Updated: Aug 23, 2019
The year was 2000 when I really began looking inward. Journaling since I was around eight-years-old wasn't the same as what I would undertake in two undergraduate classes in the psychology program. I created projects that dealt with going as far inward as I could at that time.
The first project was an exploration into visual journaling. In the second project, I focused on working with my anger and developed a system to help me learn about it; what are my triggers, reactions, etc. Being more aware of my angry reactions lessened outbursts and regrettable interactions, but I didn't have an ongoing system to help me until 2011. While training to teach yoga, I learned a method of self-observation and reflection through "the book," which helped me track and change my thoughts and behaviors immensely. After filling almost three of those, I was able to move away from "the book," and continue practicing the Yamas and Niyamas, two of the eight "limbs" of yoga ("Ashtanga Yoga") without needing to document where I did and did not succeed.
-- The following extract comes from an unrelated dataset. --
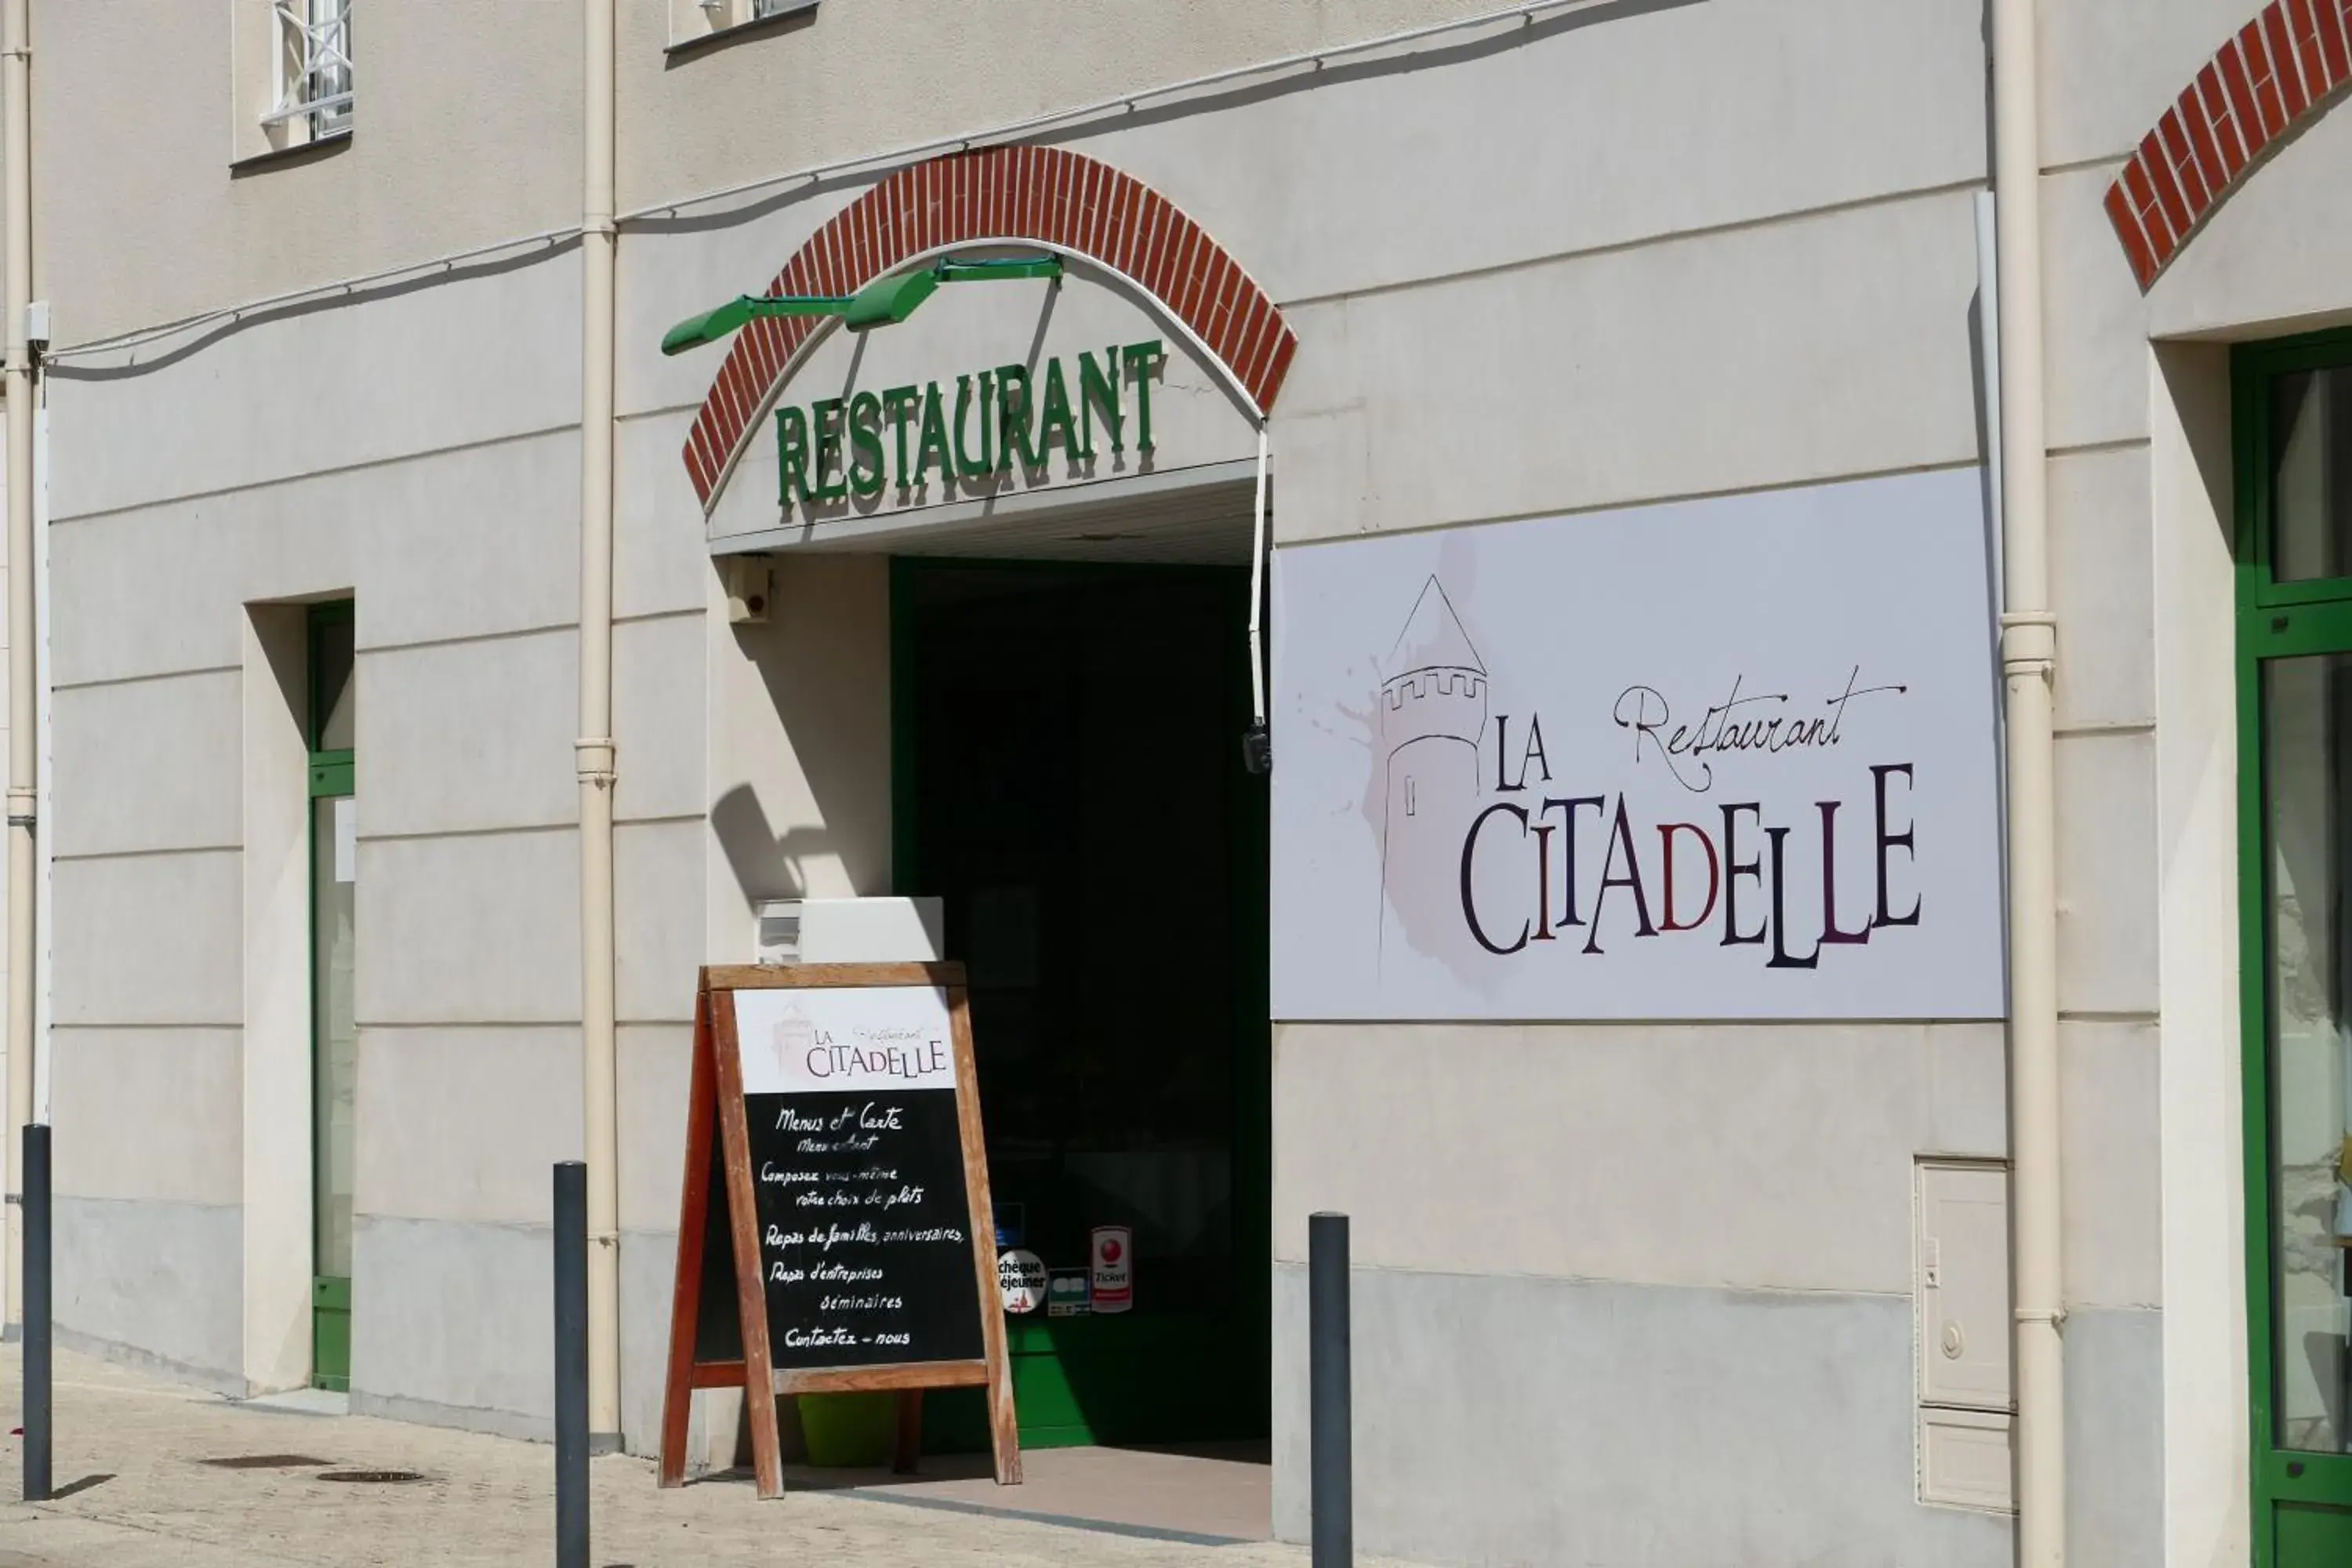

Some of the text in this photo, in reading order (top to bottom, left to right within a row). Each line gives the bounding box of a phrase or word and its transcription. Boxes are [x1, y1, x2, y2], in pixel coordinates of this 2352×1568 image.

I will not go into the meanings of Yama/Niyama here. Instead, I want to share a reflection which cannot be narrowed down to any one of these social and internal observances, but encompasses many.
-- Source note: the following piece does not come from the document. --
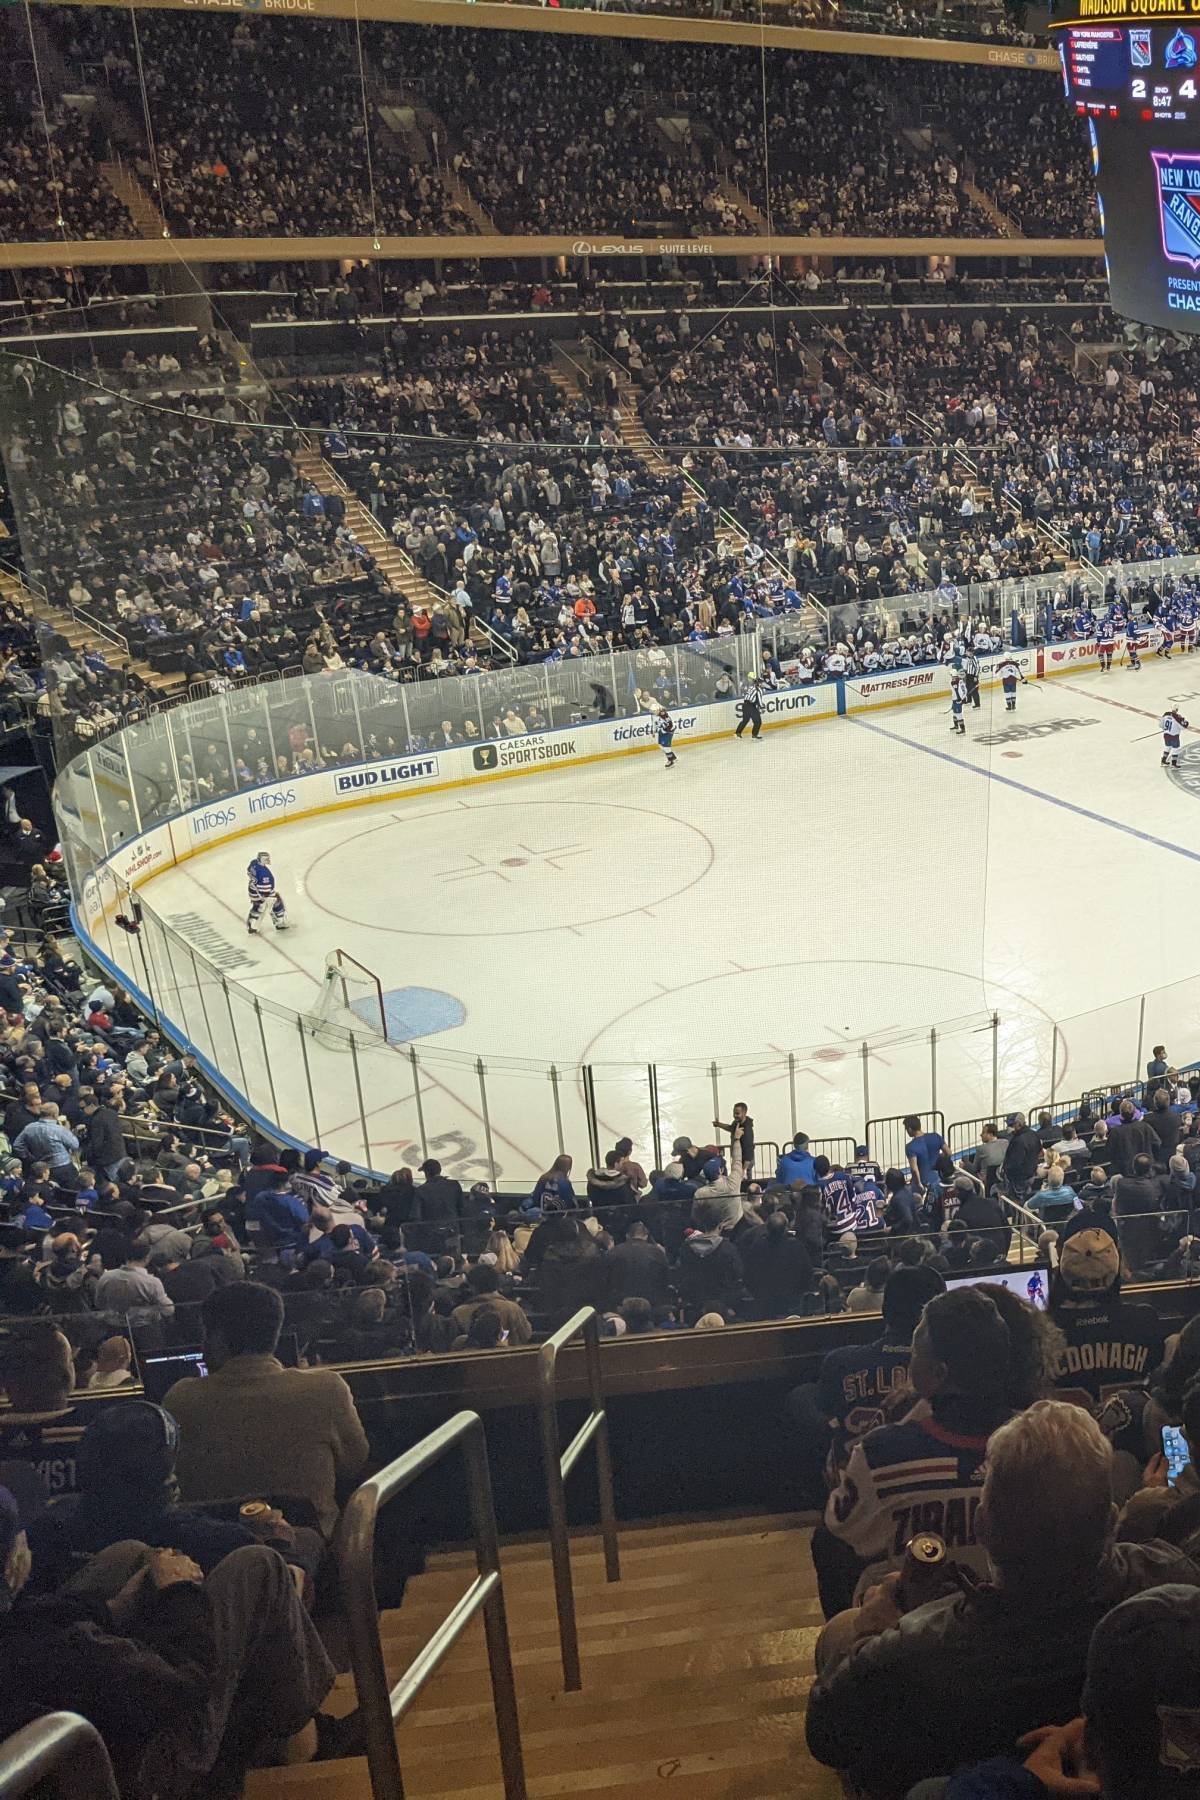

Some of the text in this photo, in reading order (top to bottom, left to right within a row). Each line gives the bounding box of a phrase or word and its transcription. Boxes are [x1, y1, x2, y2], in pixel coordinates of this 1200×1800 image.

It's about what happens when we are less forceful with others, more reflective, quieter, and move and speak more gently in the world. After many years of really working at the habitual anger response and reaction, learning about it and its roots, changing my thoughts and behaviors, becoming quieter, I am finding some very important insights and effects that make my inner life more peaceful.
So... For 19 years, I've been working on lessening my angry reactions as a habitual response, having been temperamental since childhood. Some methods proved more successful than others, but getting to the root while practicing gentleness has proven most helpful. I've been getting the hang of it more and more, and so this is a reflection after a loved one threw anger my way, and I, thankfully stayed still, and had a clearer mind as a result to reflect on this more gentle existence, still a work in progress, but a work nonetheless.
Here is my morning reflection:
As my voice becomes quieter in this ongoing training of gentleness, of non-violence, I hear the loud voices around me in new ways.
I hear a desperate cry to be heard.
And yet, in me I cannot offer enough comfort that will satisfy the one crying.
I hear a wish for acceptance.
And yet, in me I cannot offer enough acceptance that will satisfy the one wishing.
I hear a desire to be loved.
And yet, in me I cannot offer enough love that will satisfy the one desiring.
The one who screams for comfort, who yells their wishes, who lashes out,
attempts to force others to give what they cannot provide.
The one whose mouth opens wide, whose voice booms to be seen and heard
does not know that anger blinds, yells deafen, and aggression leads to defense.
Walls do not help, they hinder.
In gentleness, we hear the soft whimper for the soul's need for
self-understanding, self-acceptance, and self-love.
In gentleness, we can ourselves comfort our own soul with open arms of acceptance and love to the ends of the world.
In each of us, we have all we need to feel loved.
Self-generated in the gentle arms of the Divine.